* **Exercise prompt**
Beneath this line sits some data. Return only its lines from the one holding "this 1600×1094 image." through the one holding "this 1600×1200 image.", inclusive, exactly, with the images removed.

* **Spatial localization data**

================================

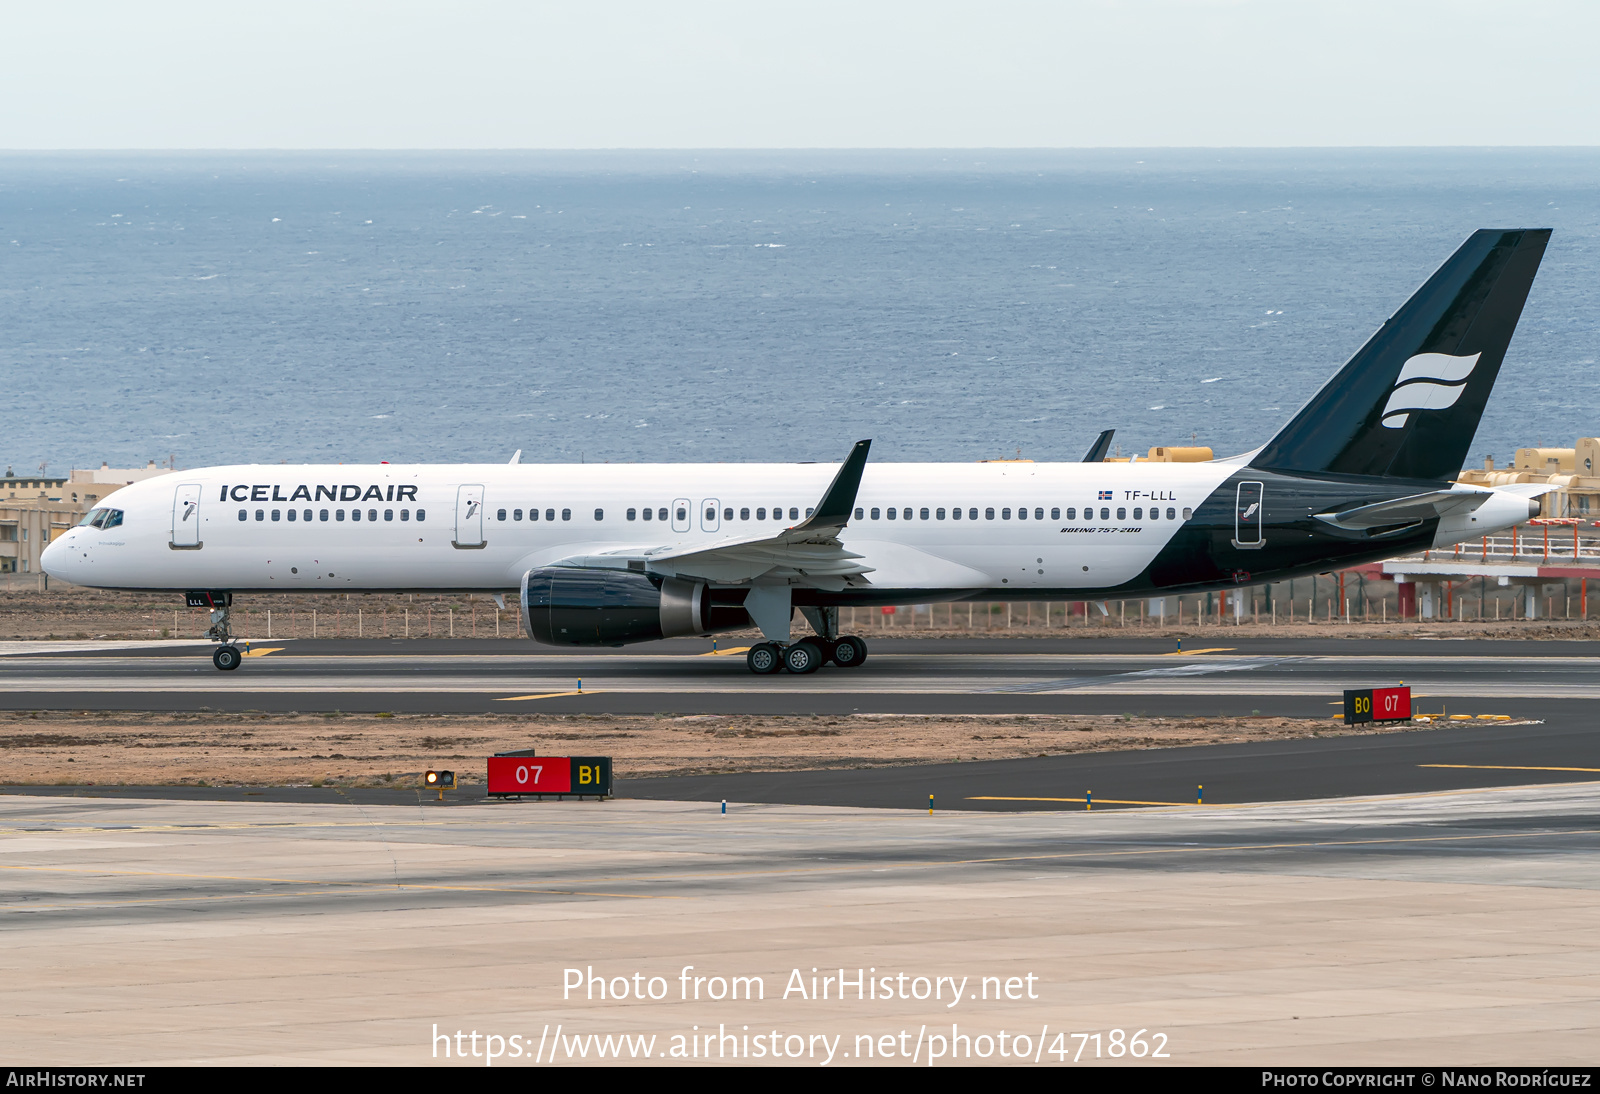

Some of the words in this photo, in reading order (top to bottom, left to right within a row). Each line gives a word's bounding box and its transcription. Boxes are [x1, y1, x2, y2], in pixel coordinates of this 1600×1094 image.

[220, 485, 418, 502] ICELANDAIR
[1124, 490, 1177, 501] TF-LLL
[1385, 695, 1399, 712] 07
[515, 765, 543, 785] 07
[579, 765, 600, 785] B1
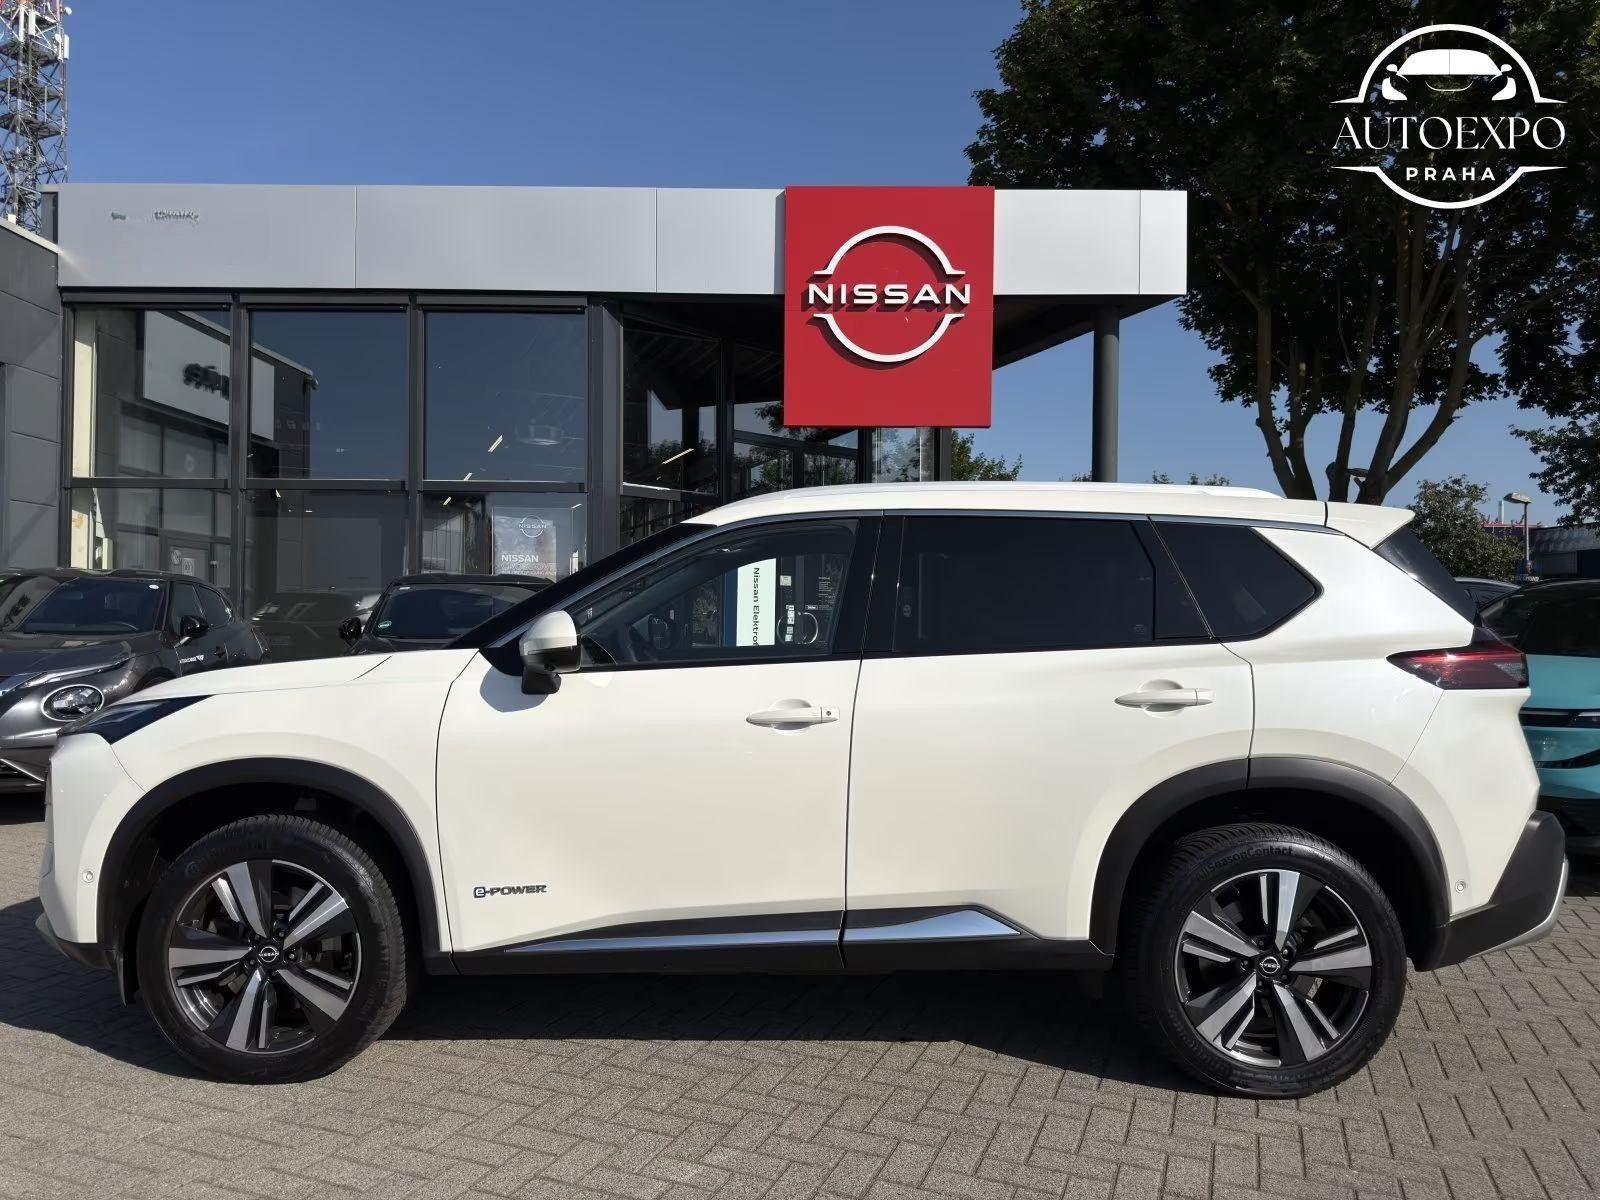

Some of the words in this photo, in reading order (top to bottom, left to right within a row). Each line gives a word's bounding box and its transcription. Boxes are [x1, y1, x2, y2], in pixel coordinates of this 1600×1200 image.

================================

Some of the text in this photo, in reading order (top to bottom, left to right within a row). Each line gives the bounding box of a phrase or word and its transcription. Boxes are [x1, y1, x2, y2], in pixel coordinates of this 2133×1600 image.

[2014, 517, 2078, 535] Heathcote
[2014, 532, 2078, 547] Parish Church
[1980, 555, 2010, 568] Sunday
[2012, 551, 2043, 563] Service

================================

* **Exercise solution**
Some of the words in this photo, in reading order (top to bottom, left to right within a row). Each line gives a word's bounding box and its transcription. Boxes are [x1, y1, x2, y2], in pixel coordinates of this 1600×1094 image.

[220, 485, 418, 502] ICELANDAIR
[1124, 490, 1177, 501] TF-LLL
[1385, 695, 1399, 712] 07
[515, 765, 543, 785] 07
[579, 765, 600, 785] B1

Some of the words in this photo, in reading order (top to bottom, left to right within a row). Each line gives a word's bounding box and its transcription. Boxes are [x1, y1, x2, y2], in pixel coordinates of this 1600×1200 image.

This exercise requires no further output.